What you have to do:
Please look for the string "from" below and report every line in which it occurs.

Data for this task: Begin

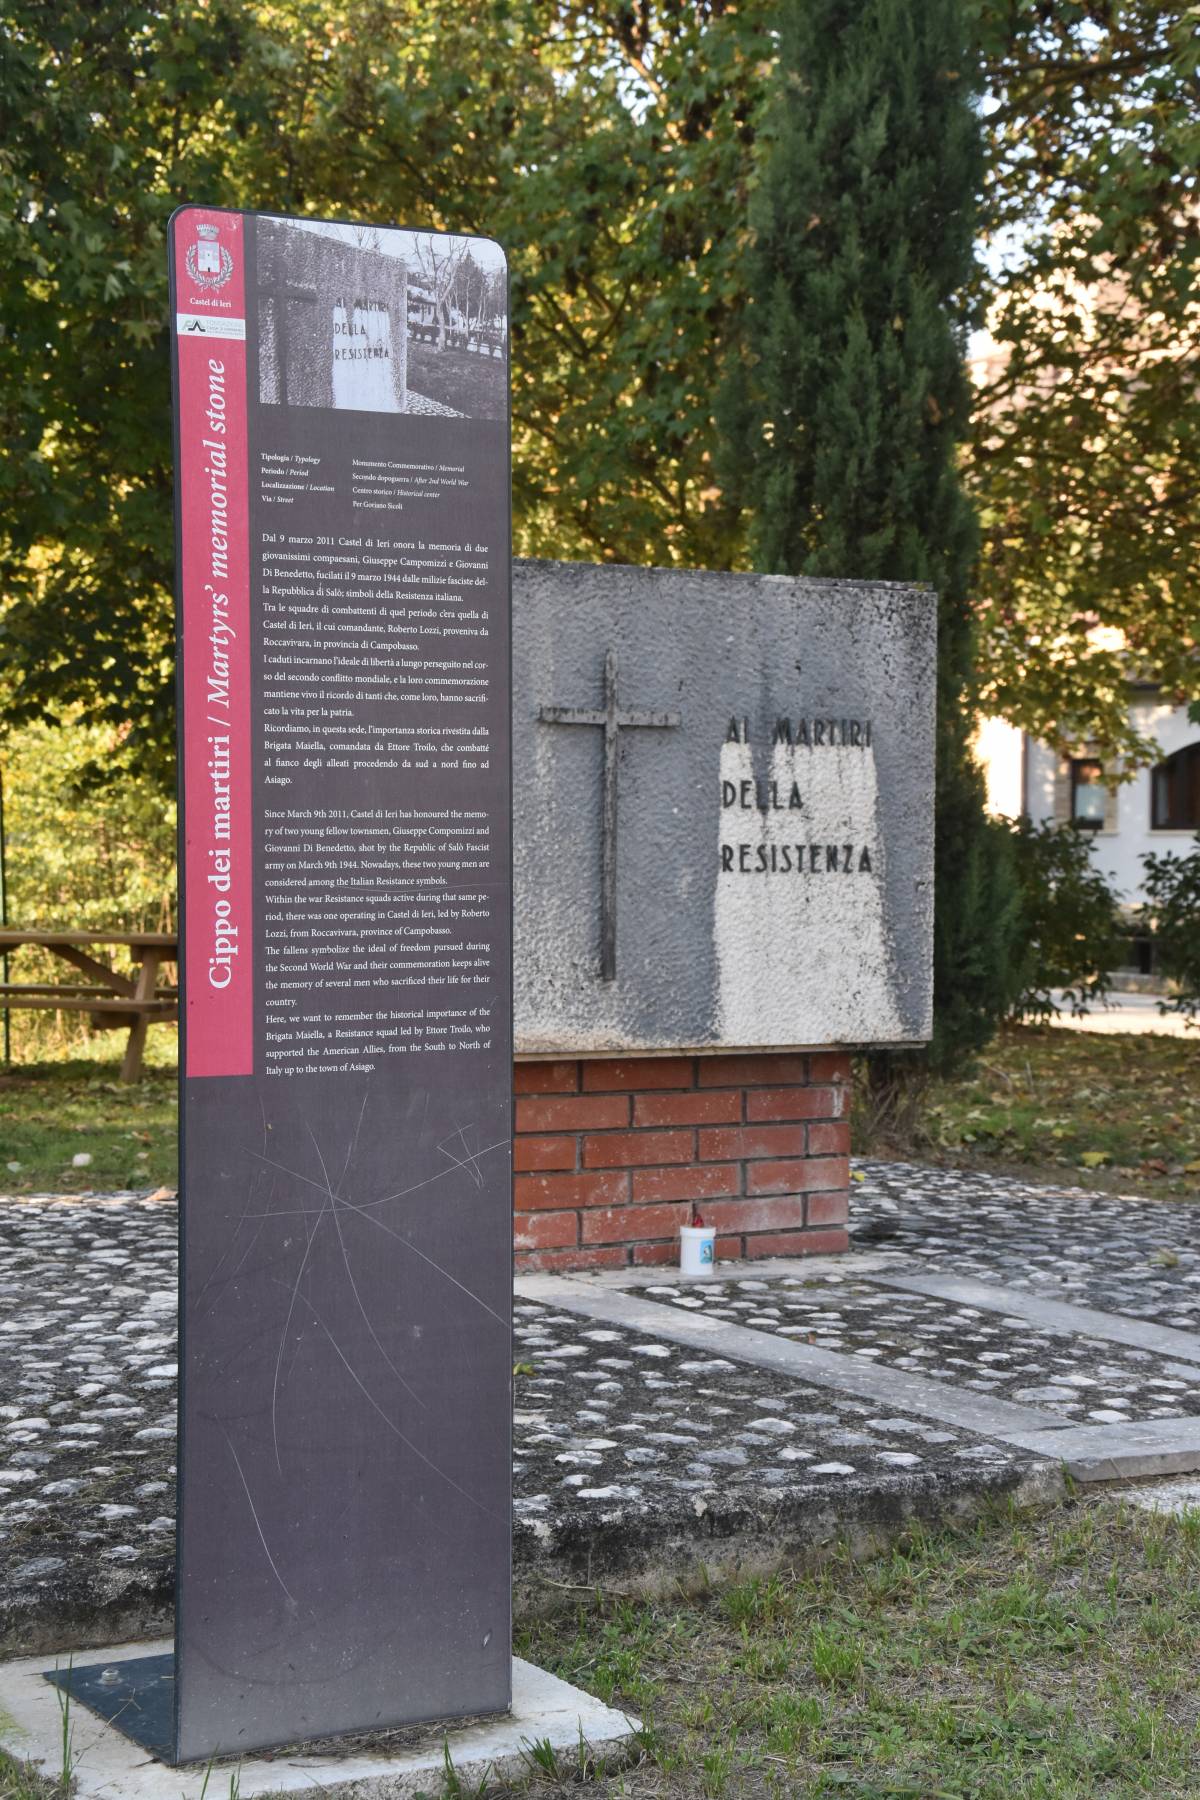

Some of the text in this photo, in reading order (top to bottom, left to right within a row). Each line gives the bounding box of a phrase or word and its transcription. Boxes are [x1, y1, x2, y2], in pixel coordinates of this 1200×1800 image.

[190, 297, 210, 306] Castel
[220, 300, 232, 308] Ieri
[208, 358, 227, 435] stone
[261, 453, 320, 465] Tipologia Typology
[352, 459, 387, 467] Monumento
[388, 462, 435, 470] Commemorativo
[352, 473, 377, 481] Secondo
[377, 475, 410, 484] dopoguerra
[262, 481, 304, 490] Localizzazione
[397, 489, 424, 497] Historical
[202, 439, 228, 579] memorial
[362, 501, 387, 509] Goriano
[387, 502, 403, 510] Sicoli
[262, 552, 311, 563] giovanissimi
[362, 556, 398, 567] Giuseppe
[400, 557, 447, 569] Campomizzi
[455, 560, 488, 569] Giovanni
[263, 585, 270, 594] la
[272, 585, 314, 598] Repubblica
[316, 587, 324, 596] di
[346, 589, 374, 598] simboli
[376, 590, 394, 599] della
[396, 591, 433, 600] Resistenza
[324, 640, 359, 651] provincia
[361, 640, 368, 648] di
[274, 672, 286, 680] del
[288, 672, 320, 681] secondo
[321, 673, 354, 682] conflitto
[399, 675, 407, 683] la
[408, 676, 424, 684] loro
[207, 716, 231, 727] /
[726, 716, 872, 747] AI MARTIRI
[264, 741, 292, 751] Brigata
[329, 741, 371, 750] comandata
[374, 742, 384, 750] da
[387, 743, 411, 751] Ettore
[441, 743, 454, 751] che
[207, 734, 231, 840] martiri
[722, 780, 804, 811] DELLA
[265, 829, 274, 837] ry
[275, 826, 283, 835] of
[300, 829, 325, 837] young
[326, 826, 349, 835] fellow
[393, 827, 428, 837] Giuseppe
[476, 826, 490, 834] and
[265, 844, 300, 852] Giovanni
[304, 844, 313, 852] Di
[378, 844, 387, 853] by
[389, 843, 401, 851] the
[404, 843, 436, 854] Republic
[439, 843, 446, 851] of
[449, 843, 464, 851] Salò
[467, 843, 489, 851] Fascist
[721, 843, 873, 874] RESISTENZA
[207, 847, 231, 892] dei
[265, 877, 307, 886] considered
[309, 880, 335, 888] among
[337, 877, 349, 885] the
[351, 877, 374, 885] Italian
[377, 877, 415, 885] Resistance
[291, 929, 309, 937] from
[361, 928, 393, 938] province
[395, 927, 402, 935] of
[208, 899, 239, 989] Cippo
[266, 947, 280, 955] The
[284, 946, 308, 954] fallens
[312, 945, 349, 956] symbolize
[369, 944, 386, 952] ideal
[390, 944, 397, 952] of
[400, 943, 431, 951] freedom
[434, 942, 463, 953] pursued
[466, 942, 490, 952] during
[265, 958, 490, 972] the Second World War and their commemoration keeps alive
[266, 1032, 293, 1043] Brigata
[336, 1029, 374, 1038] Resistance
[376, 1027, 398, 1038] squad
[401, 1027, 412, 1035] led
[414, 1026, 423, 1037] by
[426, 1026, 447, 1034] Ettore
[475, 1024, 490, 1032] who
[266, 1048, 304, 1060] supported
[307, 1047, 320, 1056] the
[322, 1046, 360, 1055] American
[389, 1043, 407, 1052] from
[410, 1043, 422, 1051] the
[424, 1042, 446, 1051] South
[459, 1041, 481, 1049] North
[483, 1040, 490, 1048] of
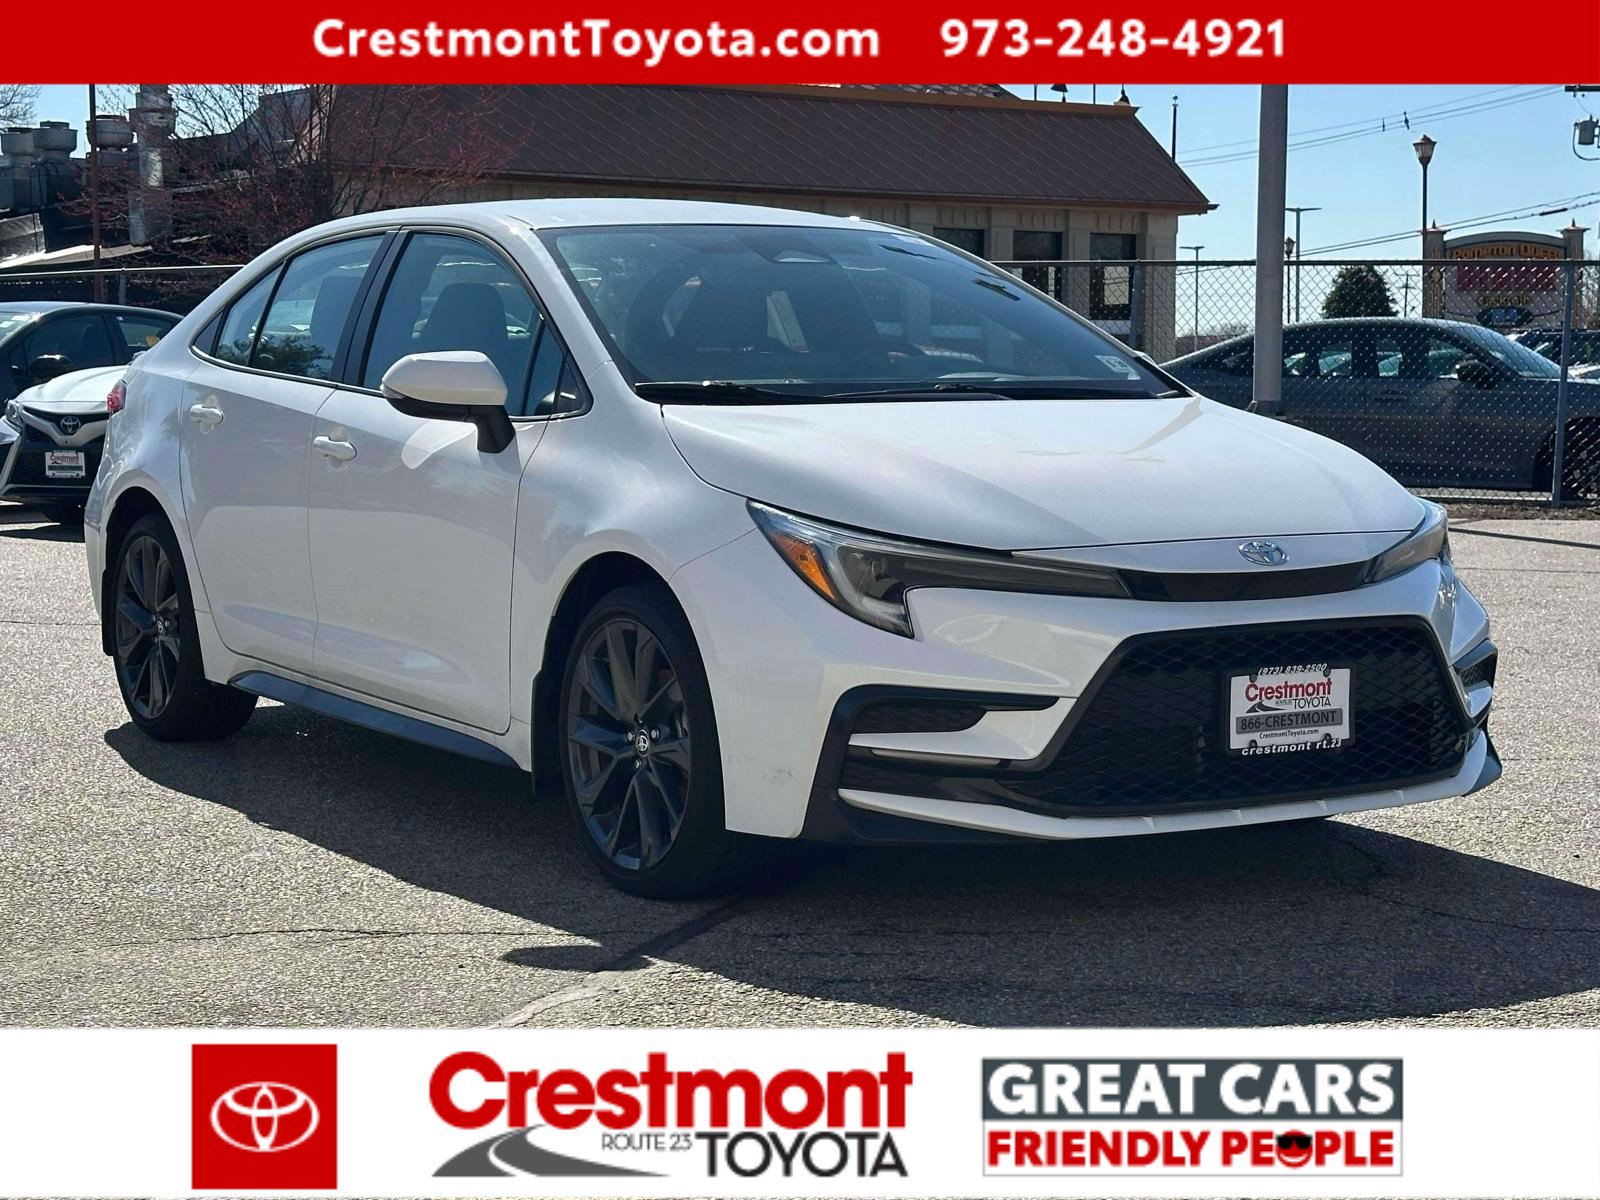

Data for this task: End

Task output:
[291, 929, 309, 937] from
[389, 1043, 407, 1052] from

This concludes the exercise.